Guest Post at AnscaMobile.com: If I Were a Rich Man

Here’s my guest blog post at Ansca Mobile’s Corona SDK blog:

I am a reluctant member of the app-making business, a recovering programmer/designer who has fallen off the wagon. This matters, because when I chose to base my ebook platform on Corona SDK, I chose it to minimize the programming involved.

See, if I were a rich man, I’d be in the jungles of Borneo reporting on the environmental and social destruction, gathering the sounds and photography and video and stories to make a book app. That’s where my passion is — shooting great pictures and telling important stories that have the chance to move people and change the world. Nice work if you can get it!

After a life of programming and design, I switched to photojournalism. I moved to Istanbul, Turkey, in 2001 and spent twelve years photographing in the mass graves of Kosovo, the wars in Macedonia and Iraq, the tsunami in Thailand, and the insurgency in eastern Turkey. I came back to the US in 2007 and photographed stories about wrongfully convicted people (see “Innocence Project”) and wildfires. Frankly, it’s been a lot of fun.

Here’s what I’m talking about: DavidGrossPhoto.com

So, if were a rich man, I’d hire a team of programmers and designers, some fancy San Francisco shop with an in-house pogo stick parking lot and a stuffed cow on the scrubbed, red-brick wall.

However, when you’re not rich, you just have to do things yourself. So, I built that ebook app myself. It’s been a long journey, but the platform is up and running. The latest apps built on the platform are “GG Bridge” (out now!) and “Ed Kashi” (out as soon as Apple finishes review). Even my book on Borneo is in progress because I was able to demonstrate to potential funders a working prototype.

It’s been a long slog.

About two years ago I started looking for a tool to build ebook apps. It took quite a while to find a system that worked for me. Adobe InDesign had some beta tools that looked promising — when they didn’t crash — but Adobe had prohibitively high publication fees. Apple’s Xcode looked great for an objective-C programmer, but years of PHP and CSS and Javascript work, I really didn’t want to learn another language and library, along with whatever huge set of quirks and bugs that would entail. Appcelerator and the other Javascript-based tools looked promising, but they turned out to be too slow (and often buggy) for the smooth user interaction a good ebook’s needs. I even tried the Baker Framework; in its early days, I successfully programmed sliding, cached pages in Javascript, inside of HTML 5, which was put into web-views. It almost worked, but was simply too unstable.

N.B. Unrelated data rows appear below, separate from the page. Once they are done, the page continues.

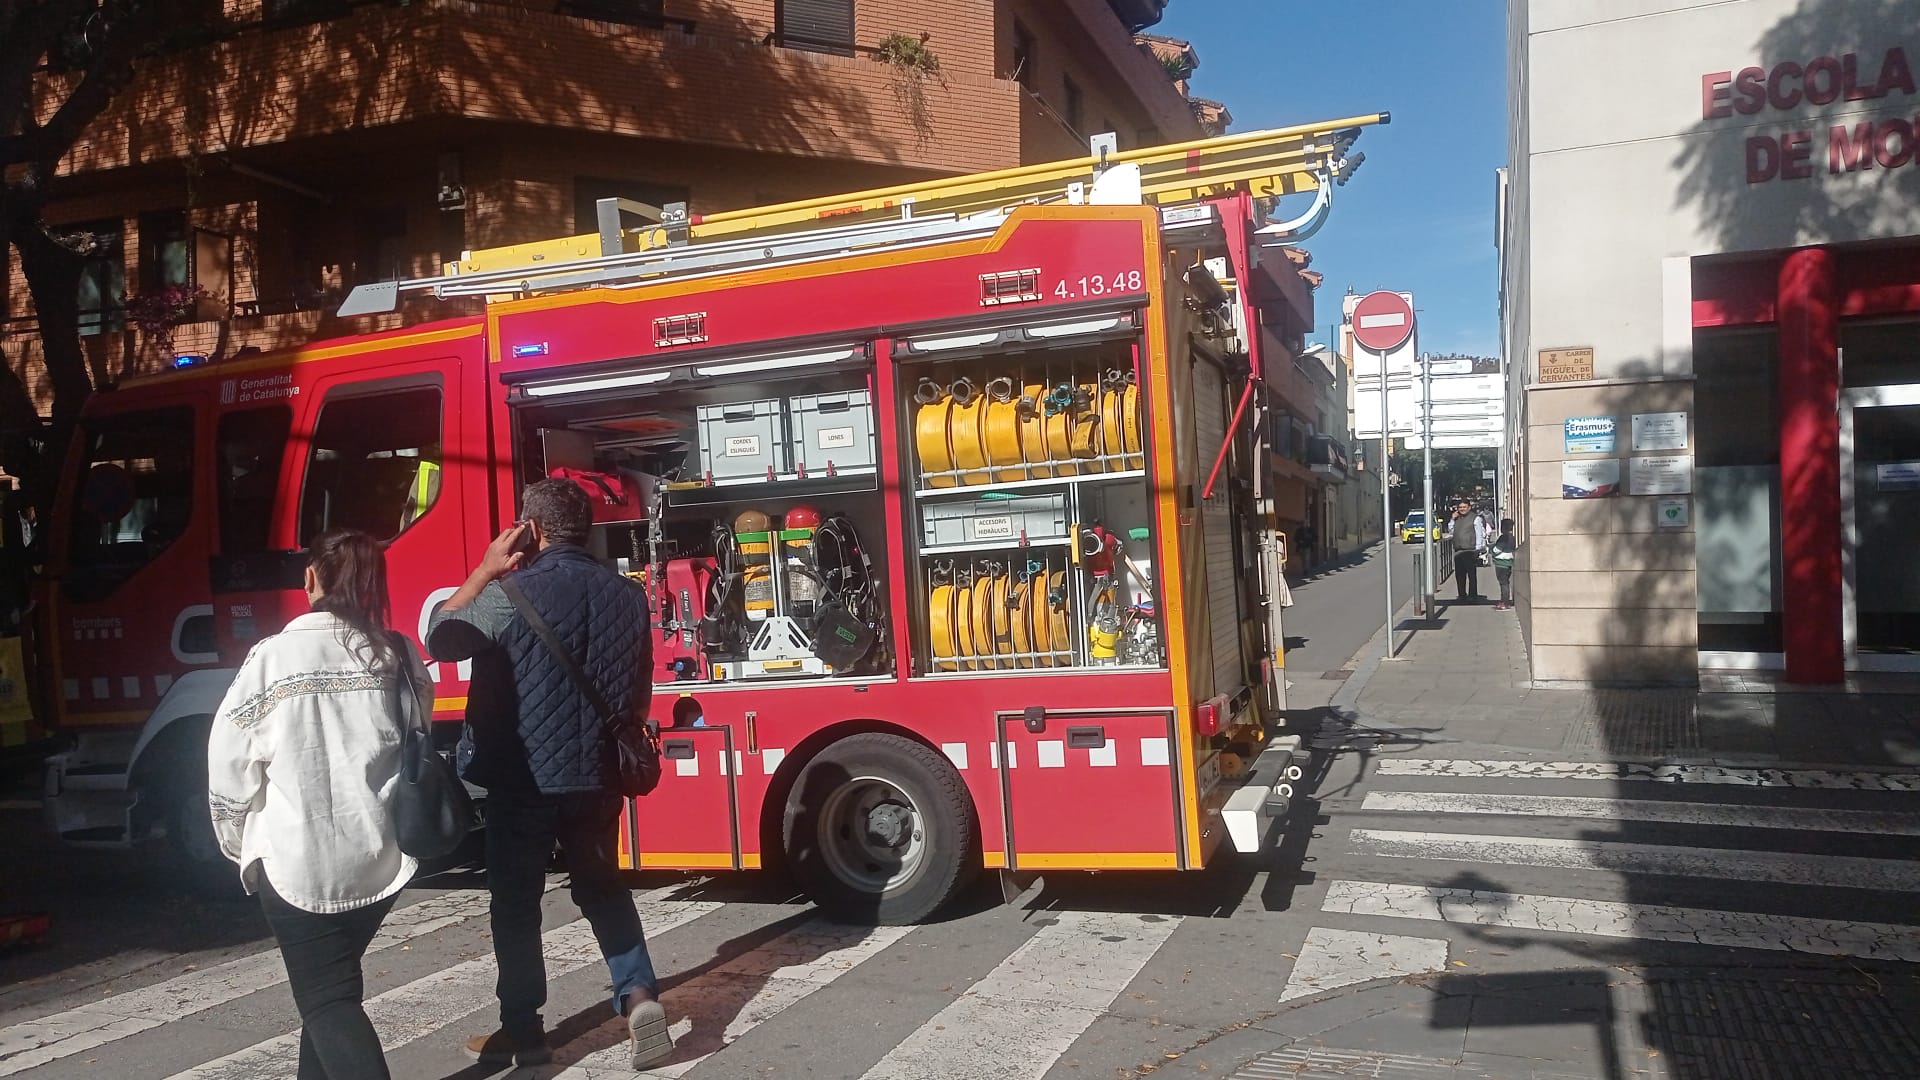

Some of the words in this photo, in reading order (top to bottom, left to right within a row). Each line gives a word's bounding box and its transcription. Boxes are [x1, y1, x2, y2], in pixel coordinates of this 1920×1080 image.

[1701, 47, 1916, 121] ESCOLA
[1745, 130, 1813, 184] DE
[1829, 111, 1920, 175] MO
[1054, 270, 1142, 299] 4.13.48
[1540, 373, 1591, 382] CERVANTES
[1542, 366, 1577, 375] MIGUEL
[240, 373, 293, 390] Generalitat
[239, 392, 251, 402] de
[253, 386, 300, 400] Catalunya
[1569, 423, 1613, 432] Erasmus+
[979, 518, 1007, 526] ACCESORIS

Many believe Corona is just a game platform, but I don’t agree. It turns out that if you want a smooth, fast, realistic user experience, you need a platform designed for speed. If you want clean graphics and animations, smooth and subtle, the kind that allow an ebook reader to NOT notice that she’s using a computer, then you need a platform which focuses on graphics and sound functionality.

I ended up reprogramming my Javascript ebook into Corona, and I had a working prototype in a week.

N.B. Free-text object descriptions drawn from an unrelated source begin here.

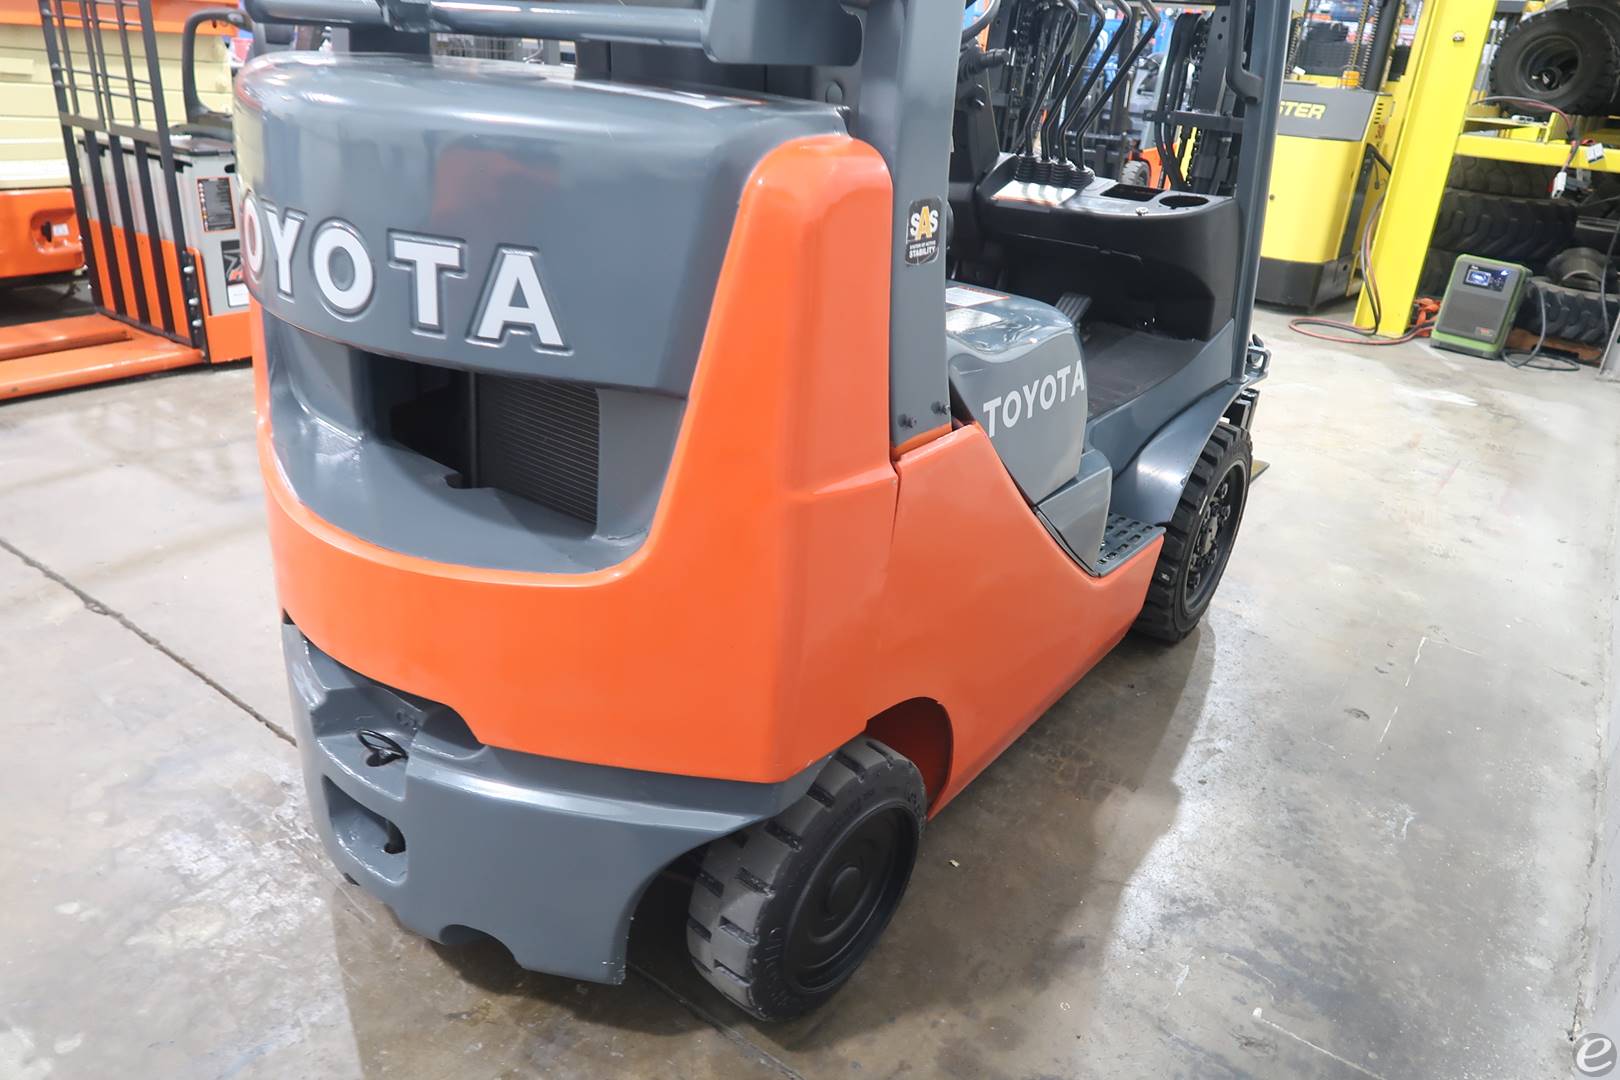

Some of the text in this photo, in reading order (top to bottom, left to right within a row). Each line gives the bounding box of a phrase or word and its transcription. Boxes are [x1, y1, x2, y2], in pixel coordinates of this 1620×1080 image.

[910, 206, 939, 241] SAS
[909, 246, 936, 258] STABILITY
[983, 360, 1085, 437] TOYOTA
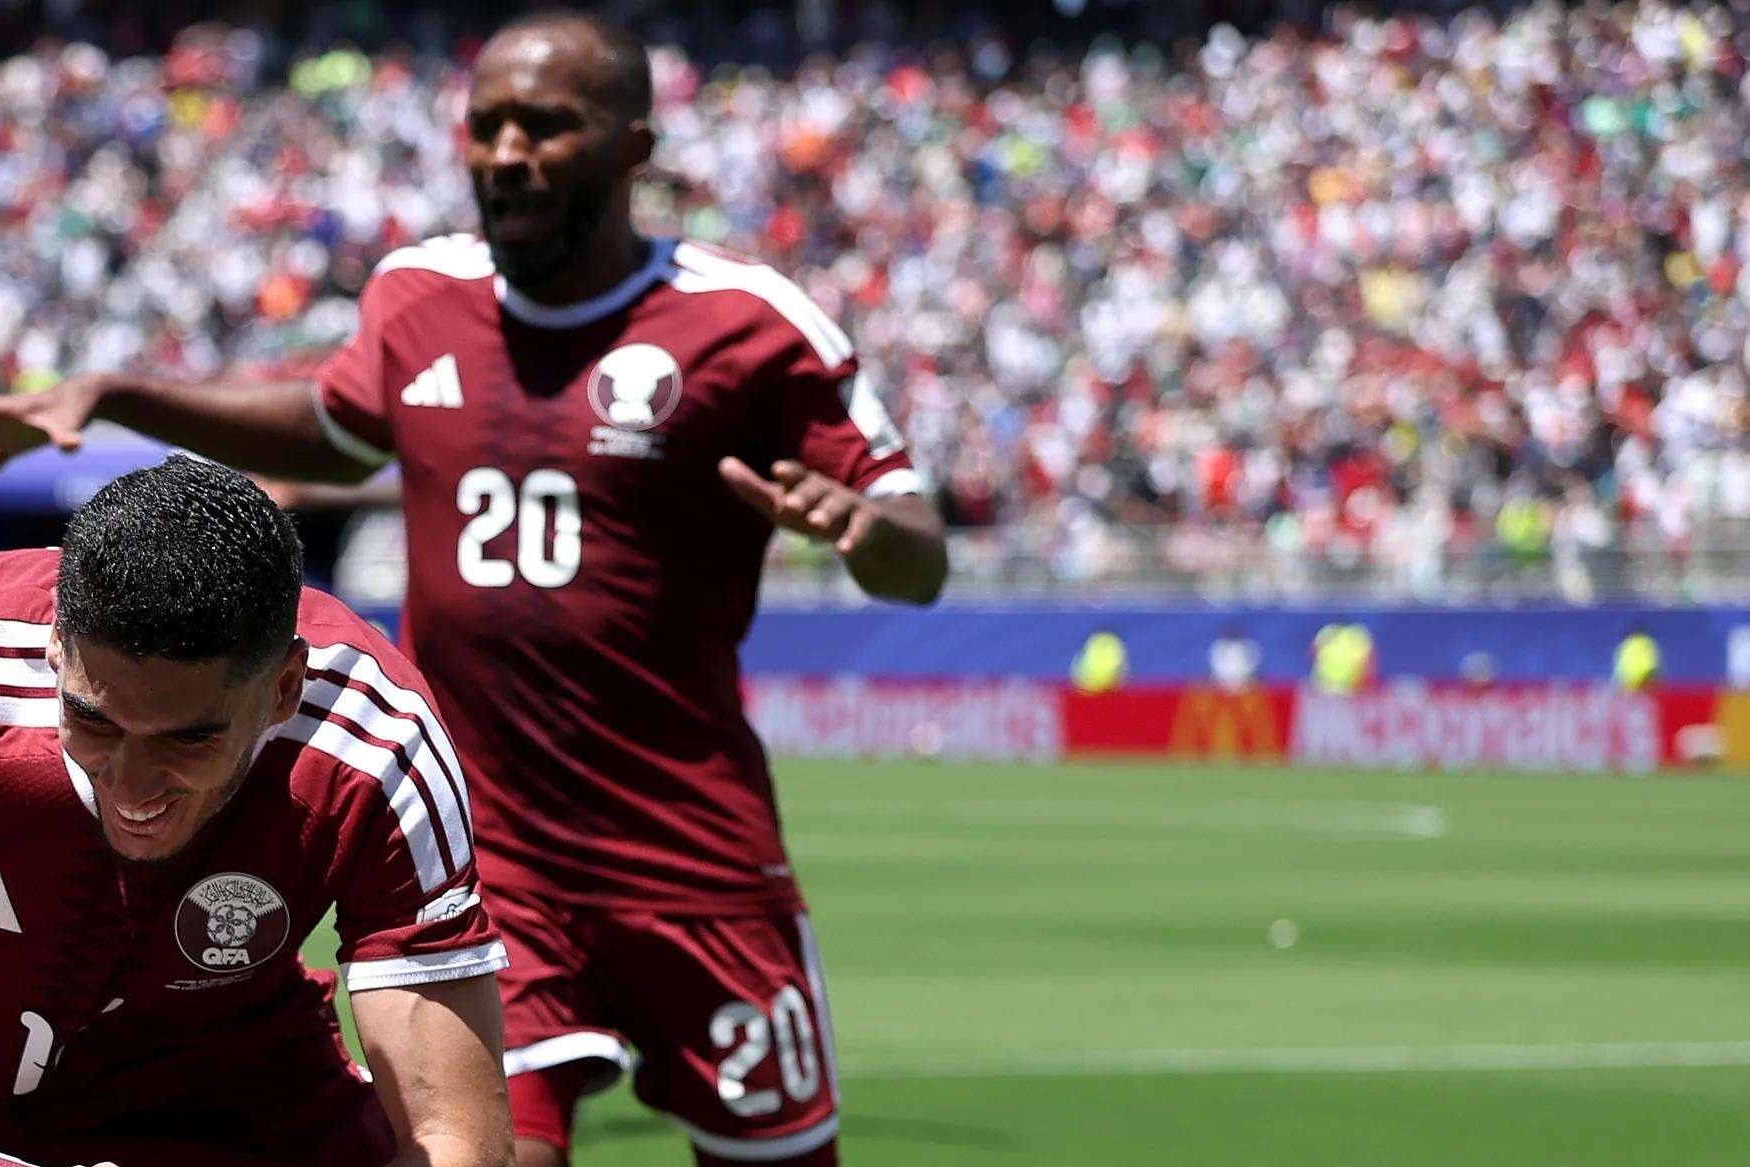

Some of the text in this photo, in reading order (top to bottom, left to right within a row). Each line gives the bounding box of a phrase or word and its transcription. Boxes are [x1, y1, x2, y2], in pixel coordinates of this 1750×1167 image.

[456, 466, 582, 588] 20
[202, 947, 251, 965] QFA
[709, 984, 820, 1117] 20

Lua is a bit of a joke on the other languages — compared even to PHP, it’s so easy to work with that you just want to laugh at the other guys. I can work PHP and Javascript and Perl, so I didn’t need to “learn” Lua. I just did it.

A year later, here’s what I’ve built: an ebook platform that lets you create an interactive ebook using XML code. I can export pictures and captions from Adobe Lightroom (using LR/Transporter) and create a photo ebook, with slide-up captions, in under 15 minutes.

My demo book is called “3 Stories,” built using InDesign for the layout, Lightroom for exporting, and the Corona platform for the app (free in the iTunes App Store).

For Ed Kashi, one of the world’s great photographers, I’ve built a book with text and zooming images, audio commentary, zooming contact sheets, and an interactive map (out soon, see “Ed Kashi” in the iTunes App Store).

For the California Historical Society, I used Corona to build “GG Bridge,” a visual history of the Golden Gate Bridge, just in time for the 75th Anniversary (this one is free on iTunes).

Now, I’m a step closer to spending less time programming, and more time making great ebooks. I’ve even turned apps into a side-business, making ebooks for other people.

Not bad for a platform commonly mistaken for a “game” system, right?